Set down every line of the data, unchanged and complete.
*** Opening of Source records ***
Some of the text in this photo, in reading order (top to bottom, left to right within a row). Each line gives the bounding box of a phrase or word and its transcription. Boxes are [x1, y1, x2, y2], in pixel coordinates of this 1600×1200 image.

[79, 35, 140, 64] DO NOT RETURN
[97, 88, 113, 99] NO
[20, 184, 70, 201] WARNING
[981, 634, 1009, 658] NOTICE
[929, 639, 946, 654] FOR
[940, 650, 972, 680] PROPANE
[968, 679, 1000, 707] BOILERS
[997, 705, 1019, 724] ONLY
*** Close of Source records ***
#### Answer section:
Some of the text in this photo, in reading order (top to bottom, left to right within a row). Each line gives the bounding box of a phrase or word and its transcription. Boxes are [x1, y1, x2, y2], in pixel coordinates of this 1600×1200 image.

[79, 35, 140, 64] DO NOT RETURN
[97, 88, 113, 99] NO
[20, 184, 70, 201] WARNING
[981, 634, 1009, 658] NOTICE
[929, 639, 946, 654] FOR
[940, 650, 972, 680] PROPANE
[968, 679, 1000, 707] BOILERS
[997, 705, 1019, 724] ONLY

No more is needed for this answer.